Unless otherwise stated, references to "the regulations" are to the Income Tax Regulations and references to the "Principal Act" are to the Income Tax Assessment Act 1936.
Matters covered by the regulations
Part 8A of the regulations and associated schedules deal with the taxation of foreign source income. The provisions:
* contain rules for determining whether an amount is designated concession income (regulations 152A to 152E, 152G, 152I, and Schedule 9);
* specify when capital gains are taken to have been subject to tax for the purposes of the CFC measures, the transferor trust measures and the exemption for branches of Australian companies in listed countries (regulations 152F and 152G);
* declare those countries that are to be treated as listed (regulation 152J and Schedule 10);
* set out the accruals tax laws of other countries that are recognised for the purposes of providing relief from double accruals taxation under section 456A of the Principal Act (regulation 152HA);
* provide that Swiss Cantonal taxes are to be treated as Federal taxes for the purposes of the CFC measures (regulation 152K); and
* specify amortisation rates, country funds, approved stock exchanges and qualifying sectoral classification systems for the purposes of the FIF measures (regulations 152L to 152P, Schedules 11, 12 and 13).

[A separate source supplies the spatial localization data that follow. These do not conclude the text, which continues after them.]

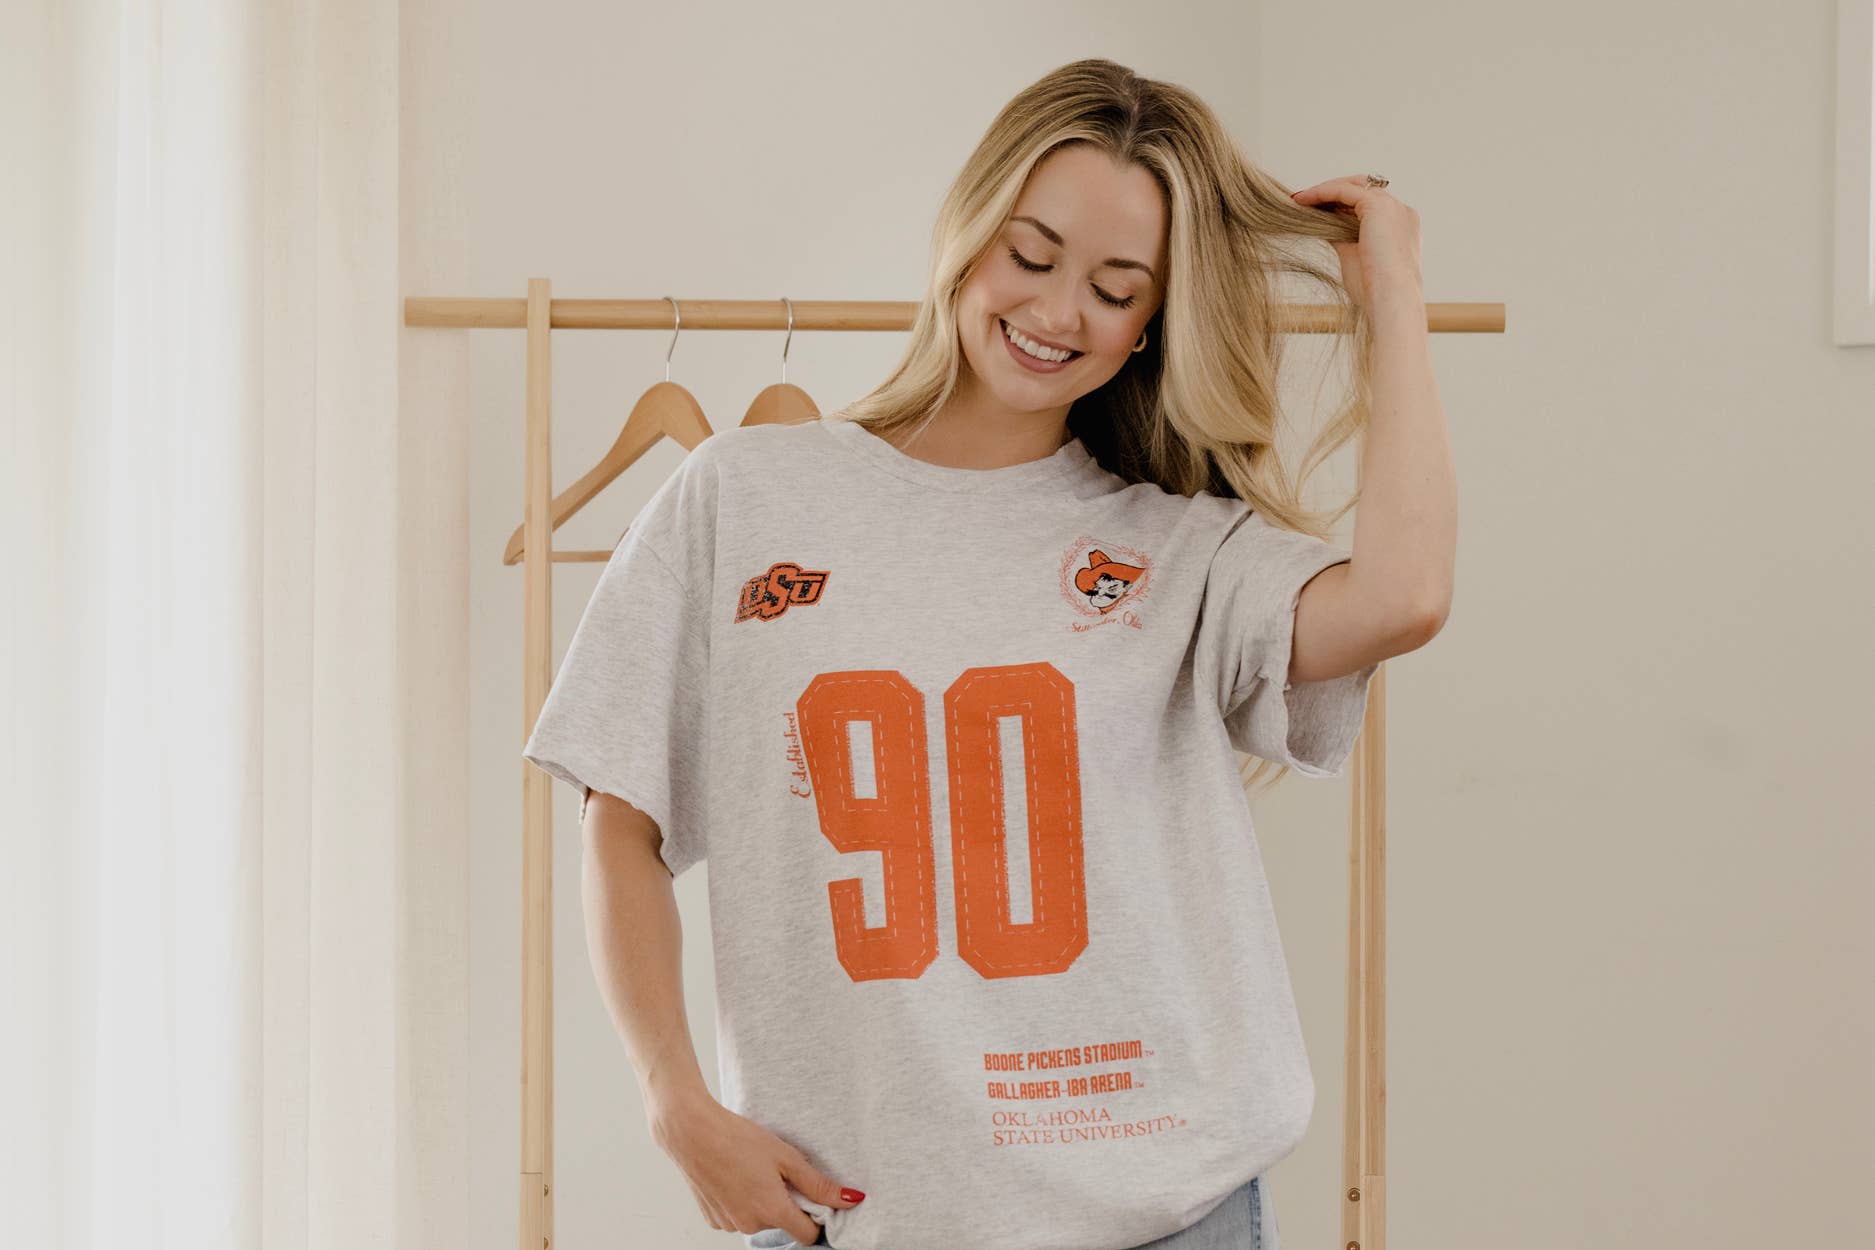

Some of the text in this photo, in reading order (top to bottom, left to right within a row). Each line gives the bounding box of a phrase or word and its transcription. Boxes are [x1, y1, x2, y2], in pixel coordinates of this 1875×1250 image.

[734, 562, 831, 624] OSU
[783, 712, 811, 798] Established
[796, 662, 1089, 982] 90
[984, 1053, 1025, 1071] BOONE
[1027, 1047, 1081, 1070] PICKENS
[988, 1078, 1088, 1100] GALLAGHER-IBA
[1090, 1071, 1132, 1094] ARENA
[992, 1107, 1112, 1127] OKLAHOMA
[993, 1129, 1054, 1146] STATE

Overview of the changes to the rules for taxing foreign source income
Changes to the rules for taxing foreign source income were outlined in an Information Paper released by the Treasurer on 24 December 1996: The Government's final decisions were announced on Budget night (13 May 1997) by Treasurer's press release No.49 and "Budget Paper No.2: Budget Measures 1997-98". Amendments of the Principal Act giving effect to the changes were made by the Taxation Laws Amendment (Foreign Income Measures) Act 1997. Broadly the legislative changes:
* limit exemptions from accruals taxation under the CFC and transferor trust measures to countries designated as broad-exemption listed countries (the exemptions are currently available for all countries listed in Schedule 10 of the regulations);
* include measures to help reduce compliance costs under the CFC measures;
* make a number of changes to the rules for taxing offshore permanent establishments (ie, branches) of Australian companies; and
* make two minor changes to the FIF measures.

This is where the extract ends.